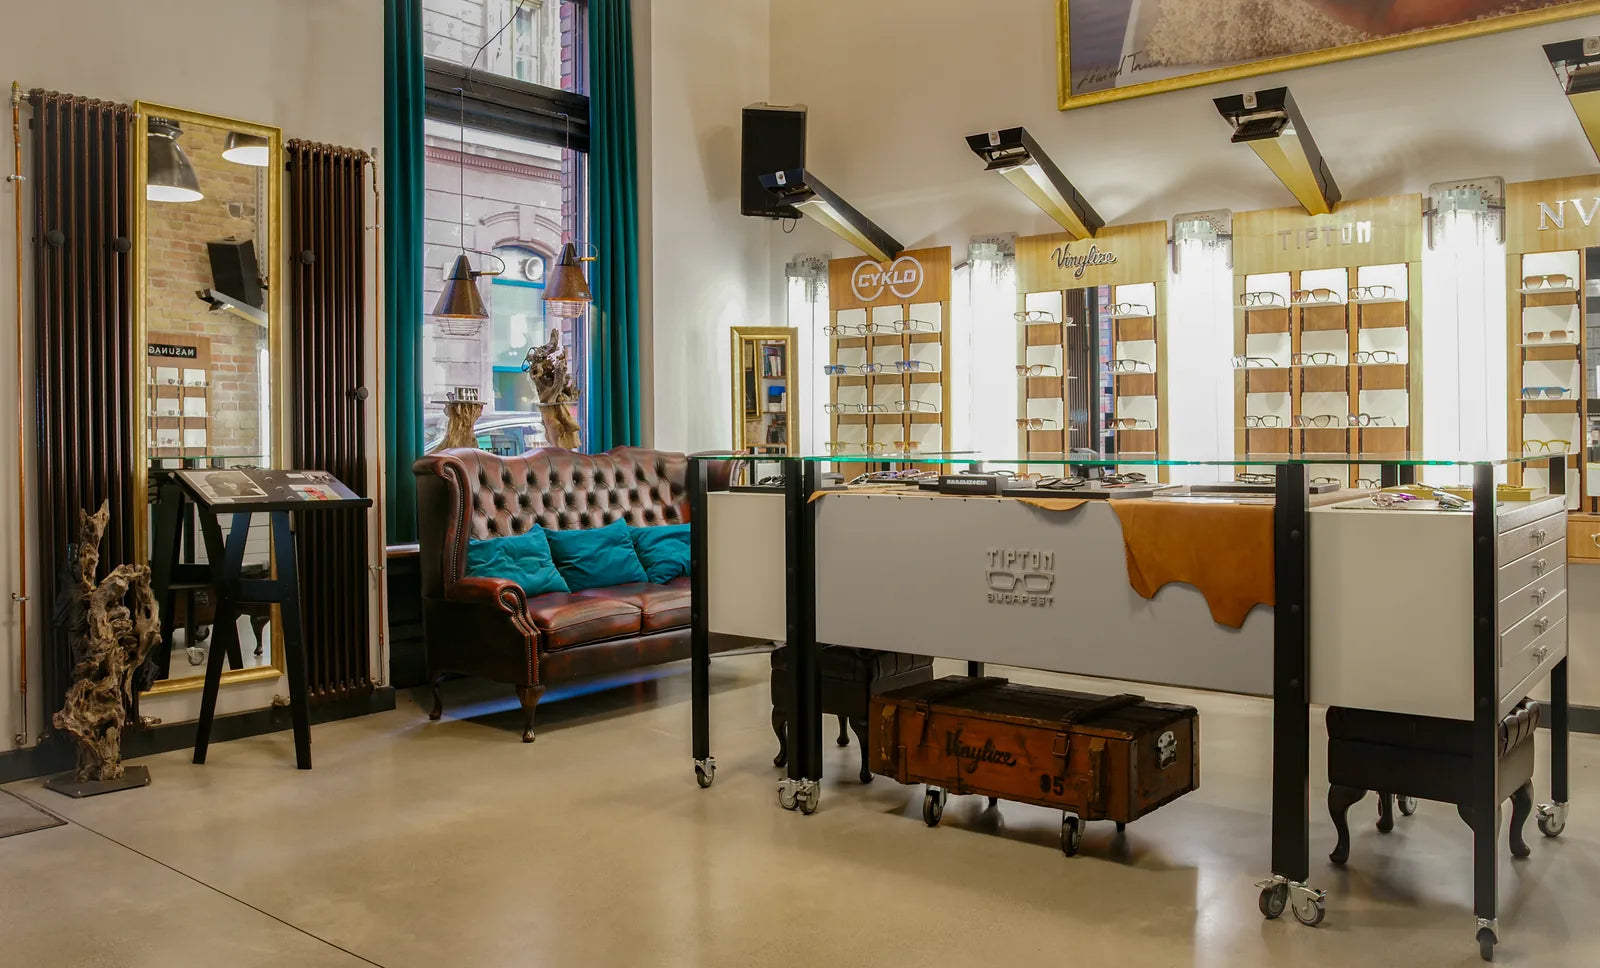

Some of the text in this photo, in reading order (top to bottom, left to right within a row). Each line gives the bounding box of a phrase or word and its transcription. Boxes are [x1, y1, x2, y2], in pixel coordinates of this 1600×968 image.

[1277, 220, 1372, 251] TIPTON
[1049, 242, 1118, 280] Vinylize
[857, 269, 917, 288] CYKLO
[985, 549, 1055, 571] TIPTON
[986, 592, 1055, 608] BUDAPEST
[944, 725, 1017, 774] Vinylize

══════════════════════════════

=== YOUR ASSIGNMENT ===
Print the entries above word for word, without pictures.

=== RESULT FOR THIS EXERCISE ===
Some of the text in this photo, in reading order (top to bottom, left to right within a row). Each line gives the bounding box of a phrase or word and its transcription. Boxes are [x1, y1, x2, y2], in pixel coordinates of this 1600×968 image.

[1277, 220, 1372, 251] TIPTON
[1049, 242, 1118, 280] Vinylize
[857, 269, 917, 288] CYKLO
[985, 549, 1055, 571] TIPTON
[986, 592, 1055, 608] BUDAPEST
[944, 725, 1017, 774] Vinylize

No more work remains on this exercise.